[Free-text object descriptions]
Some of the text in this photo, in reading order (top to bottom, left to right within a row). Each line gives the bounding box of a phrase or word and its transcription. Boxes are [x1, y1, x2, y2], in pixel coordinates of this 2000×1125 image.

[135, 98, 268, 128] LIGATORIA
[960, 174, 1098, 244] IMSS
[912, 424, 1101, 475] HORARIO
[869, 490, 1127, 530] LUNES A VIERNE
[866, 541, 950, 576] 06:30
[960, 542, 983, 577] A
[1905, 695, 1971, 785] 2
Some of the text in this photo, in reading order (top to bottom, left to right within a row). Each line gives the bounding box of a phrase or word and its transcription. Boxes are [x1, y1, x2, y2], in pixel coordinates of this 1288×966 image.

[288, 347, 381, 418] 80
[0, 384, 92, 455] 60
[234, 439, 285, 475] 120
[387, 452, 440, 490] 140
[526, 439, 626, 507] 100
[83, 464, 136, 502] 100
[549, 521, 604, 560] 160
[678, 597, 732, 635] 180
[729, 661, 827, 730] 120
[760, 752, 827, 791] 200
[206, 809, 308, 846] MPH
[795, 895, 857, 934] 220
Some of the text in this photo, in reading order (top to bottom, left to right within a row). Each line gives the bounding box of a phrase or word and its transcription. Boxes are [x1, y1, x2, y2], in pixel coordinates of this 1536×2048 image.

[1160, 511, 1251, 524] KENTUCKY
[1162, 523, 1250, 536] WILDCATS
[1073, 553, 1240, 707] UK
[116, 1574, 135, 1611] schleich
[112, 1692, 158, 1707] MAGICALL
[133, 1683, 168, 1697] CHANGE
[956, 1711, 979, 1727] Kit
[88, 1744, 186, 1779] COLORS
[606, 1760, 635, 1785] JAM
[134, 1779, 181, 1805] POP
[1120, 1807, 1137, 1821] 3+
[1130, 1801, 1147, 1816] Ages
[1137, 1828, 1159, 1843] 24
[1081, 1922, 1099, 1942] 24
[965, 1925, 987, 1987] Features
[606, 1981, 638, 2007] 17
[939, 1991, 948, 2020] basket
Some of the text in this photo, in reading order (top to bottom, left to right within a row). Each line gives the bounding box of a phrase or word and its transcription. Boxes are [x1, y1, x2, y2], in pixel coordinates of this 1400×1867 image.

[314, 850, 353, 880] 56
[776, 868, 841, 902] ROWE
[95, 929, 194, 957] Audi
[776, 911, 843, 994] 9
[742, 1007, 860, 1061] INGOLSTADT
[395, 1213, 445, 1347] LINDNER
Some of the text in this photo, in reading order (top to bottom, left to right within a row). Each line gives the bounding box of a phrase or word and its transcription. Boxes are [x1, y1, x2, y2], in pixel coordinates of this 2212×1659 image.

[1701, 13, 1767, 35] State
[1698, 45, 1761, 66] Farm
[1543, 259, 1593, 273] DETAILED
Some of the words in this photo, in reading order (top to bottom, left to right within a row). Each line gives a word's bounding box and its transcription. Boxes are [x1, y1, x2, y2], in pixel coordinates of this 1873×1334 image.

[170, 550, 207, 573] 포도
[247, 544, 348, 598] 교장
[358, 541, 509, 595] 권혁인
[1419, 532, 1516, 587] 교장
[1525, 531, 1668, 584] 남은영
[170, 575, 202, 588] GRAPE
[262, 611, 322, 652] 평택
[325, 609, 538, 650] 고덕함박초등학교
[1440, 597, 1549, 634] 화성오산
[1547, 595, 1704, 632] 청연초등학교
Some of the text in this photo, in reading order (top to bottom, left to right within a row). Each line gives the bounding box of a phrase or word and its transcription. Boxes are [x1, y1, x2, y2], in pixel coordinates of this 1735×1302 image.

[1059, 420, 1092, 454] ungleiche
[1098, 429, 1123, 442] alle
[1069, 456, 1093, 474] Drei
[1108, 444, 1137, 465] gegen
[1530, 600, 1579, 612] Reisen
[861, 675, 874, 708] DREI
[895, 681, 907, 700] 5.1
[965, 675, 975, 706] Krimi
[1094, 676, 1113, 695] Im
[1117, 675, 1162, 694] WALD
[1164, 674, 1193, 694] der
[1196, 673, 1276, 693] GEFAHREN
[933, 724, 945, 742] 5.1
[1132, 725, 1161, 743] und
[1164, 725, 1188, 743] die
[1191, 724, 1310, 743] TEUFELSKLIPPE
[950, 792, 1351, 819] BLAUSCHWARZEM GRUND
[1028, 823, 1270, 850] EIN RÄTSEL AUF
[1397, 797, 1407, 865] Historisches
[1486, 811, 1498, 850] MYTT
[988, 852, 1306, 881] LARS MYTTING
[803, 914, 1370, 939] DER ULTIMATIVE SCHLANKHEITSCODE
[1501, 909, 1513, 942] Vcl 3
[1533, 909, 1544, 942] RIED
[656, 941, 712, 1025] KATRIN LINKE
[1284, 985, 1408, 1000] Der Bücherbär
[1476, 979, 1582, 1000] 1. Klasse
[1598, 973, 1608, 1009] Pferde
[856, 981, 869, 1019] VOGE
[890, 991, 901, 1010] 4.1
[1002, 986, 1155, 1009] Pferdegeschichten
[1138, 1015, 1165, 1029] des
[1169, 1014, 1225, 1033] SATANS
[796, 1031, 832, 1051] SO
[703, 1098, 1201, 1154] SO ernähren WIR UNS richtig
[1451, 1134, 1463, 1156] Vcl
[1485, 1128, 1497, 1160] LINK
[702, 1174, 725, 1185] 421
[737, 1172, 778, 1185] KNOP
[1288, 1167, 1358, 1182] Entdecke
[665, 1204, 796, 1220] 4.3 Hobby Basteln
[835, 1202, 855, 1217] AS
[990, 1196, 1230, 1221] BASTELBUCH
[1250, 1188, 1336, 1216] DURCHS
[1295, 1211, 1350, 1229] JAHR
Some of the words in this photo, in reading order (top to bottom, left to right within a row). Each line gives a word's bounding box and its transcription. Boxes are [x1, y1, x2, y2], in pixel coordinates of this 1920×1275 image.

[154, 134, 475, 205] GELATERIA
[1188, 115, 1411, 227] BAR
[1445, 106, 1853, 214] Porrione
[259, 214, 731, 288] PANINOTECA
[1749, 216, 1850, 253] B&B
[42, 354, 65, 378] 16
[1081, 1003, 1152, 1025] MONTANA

** Assigned task **
Print exactly, and only, the lines running from the one that contains "this 1735×1302 image." to the last line of the records above.

** Your solution **
Some of the text in this photo, in reading order (top to bottom, left to right within a row). Each line gives the bounding box of a phrase or word and its transcription. Boxes are [x1, y1, x2, y2], in pixel coordinates of this 1735×1302 image.

[1059, 420, 1092, 454] ungleiche
[1098, 429, 1123, 442] alle
[1069, 456, 1093, 474] Drei
[1108, 444, 1137, 465] gegen
[1530, 600, 1579, 612] Reisen
[861, 675, 874, 708] DREI
[895, 681, 907, 700] 5.1
[965, 675, 975, 706] Krimi
[1094, 676, 1113, 695] Im
[1117, 675, 1162, 694] WALD
[1164, 674, 1193, 694] der
[1196, 673, 1276, 693] GEFAHREN
[933, 724, 945, 742] 5.1
[1132, 725, 1161, 743] und
[1164, 725, 1188, 743] die
[1191, 724, 1310, 743] TEUFELSKLIPPE
[950, 792, 1351, 819] BLAUSCHWARZEM GRUND
[1028, 823, 1270, 850] EIN RÄTSEL AUF
[1397, 797, 1407, 865] Historisches
[1486, 811, 1498, 850] MYTT
[988, 852, 1306, 881] LARS MYTTING
[803, 914, 1370, 939] DER ULTIMATIVE SCHLANKHEITSCODE
[1501, 909, 1513, 942] Vcl 3
[1533, 909, 1544, 942] RIED
[656, 941, 712, 1025] KATRIN LINKE
[1284, 985, 1408, 1000] Der Bücherbär
[1476, 979, 1582, 1000] 1. Klasse
[1598, 973, 1608, 1009] Pferde
[856, 981, 869, 1019] VOGE
[890, 991, 901, 1010] 4.1
[1002, 986, 1155, 1009] Pferdegeschichten
[1138, 1015, 1165, 1029] des
[1169, 1014, 1225, 1033] SATANS
[796, 1031, 832, 1051] SO
[703, 1098, 1201, 1154] SO ernähren WIR UNS richtig
[1451, 1134, 1463, 1156] Vcl
[1485, 1128, 1497, 1160] LINK
[702, 1174, 725, 1185] 421
[737, 1172, 778, 1185] KNOP
[1288, 1167, 1358, 1182] Entdecke
[665, 1204, 796, 1220] 4.3 Hobby Basteln
[835, 1202, 855, 1217] AS
[990, 1196, 1230, 1221] BASTELBUCH
[1250, 1188, 1336, 1216] DURCHS
[1295, 1211, 1350, 1229] JAHR
Some of the words in this photo, in reading order (top to bottom, left to right within a row). Each line gives a word's bounding box and its transcription. Boxes are [x1, y1, x2, y2], in pixel coordinates of this 1920×1275 image.

[154, 134, 475, 205] GELATERIA
[1188, 115, 1411, 227] BAR
[1445, 106, 1853, 214] Porrione
[259, 214, 731, 288] PANINOTECA
[1749, 216, 1850, 253] B&B
[42, 354, 65, 378] 16
[1081, 1003, 1152, 1025] MONTANA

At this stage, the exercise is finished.